- WHAT TO WORK ON
I need the records below restated word for word, without their pictures.

· · · · · · ·

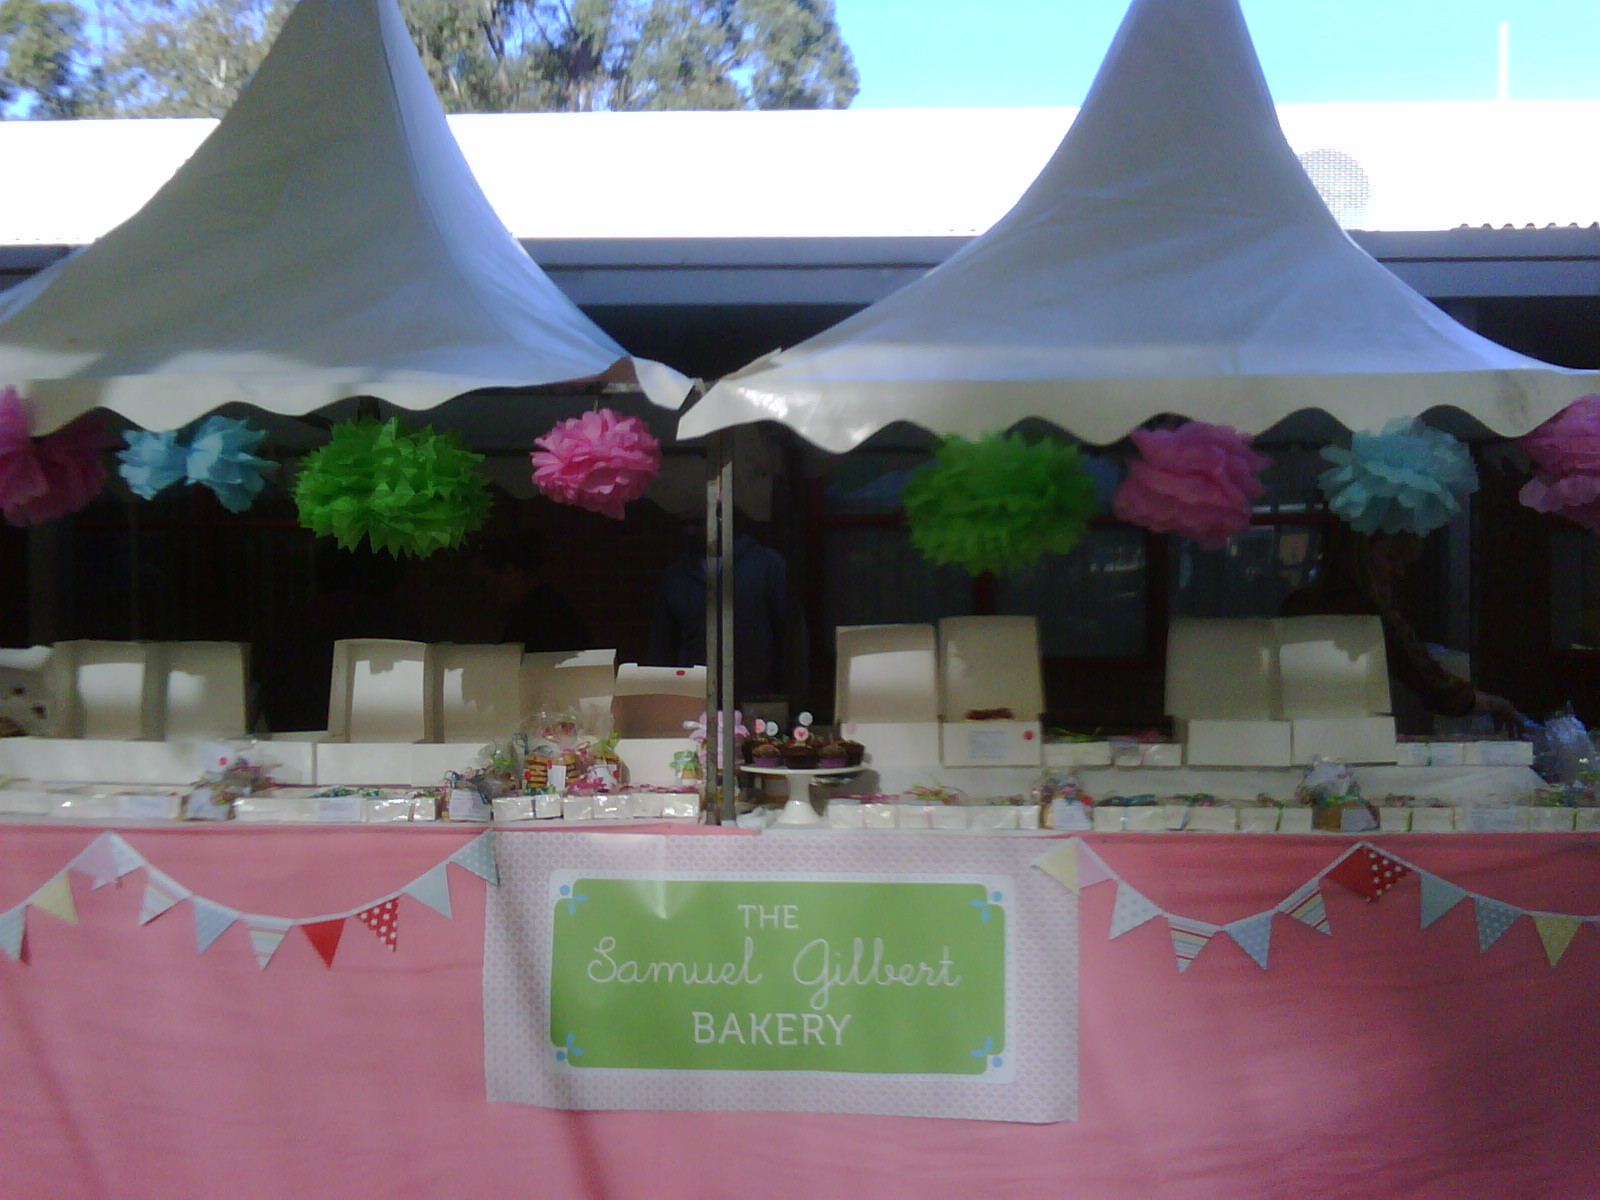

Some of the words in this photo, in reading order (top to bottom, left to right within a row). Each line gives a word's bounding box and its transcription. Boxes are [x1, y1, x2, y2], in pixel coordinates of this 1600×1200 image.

[738, 904, 799, 929] THE
[587, 936, 762, 985] Samuel
[793, 937, 962, 1011] Gilbert
[692, 1011, 853, 1046] BAKERY
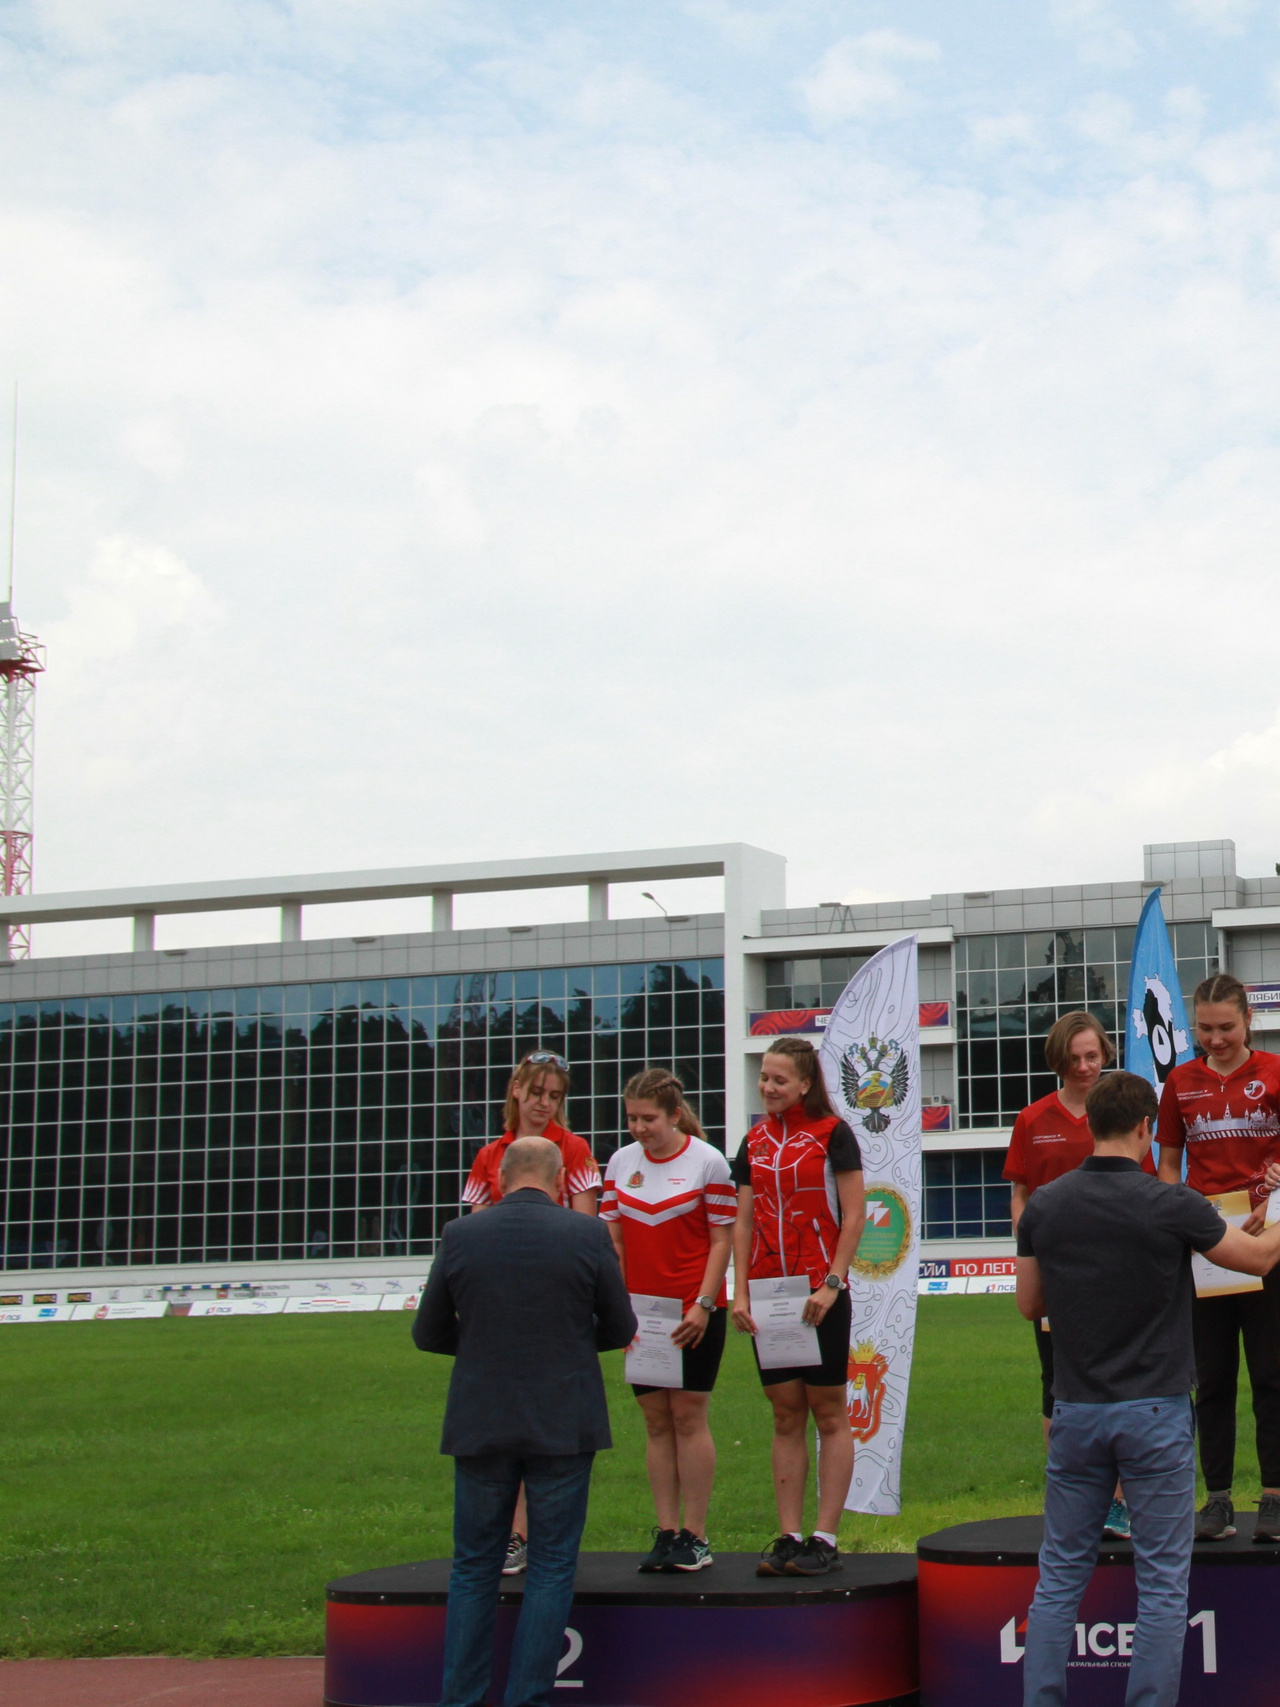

· · · · · · ·

- WRITTEN ANSWER
Some of the words in this photo, in reading order (top to bottom, left to right within a row). Each line gives a word's bounding box and its transcription. Boxes are [x1, y1, x2, y2], in pixel coordinates of this 1600×1200 image.

[738, 904, 799, 929] THE
[587, 936, 762, 985] Samuel
[793, 937, 962, 1011] Gilbert
[692, 1011, 853, 1046] BAKERY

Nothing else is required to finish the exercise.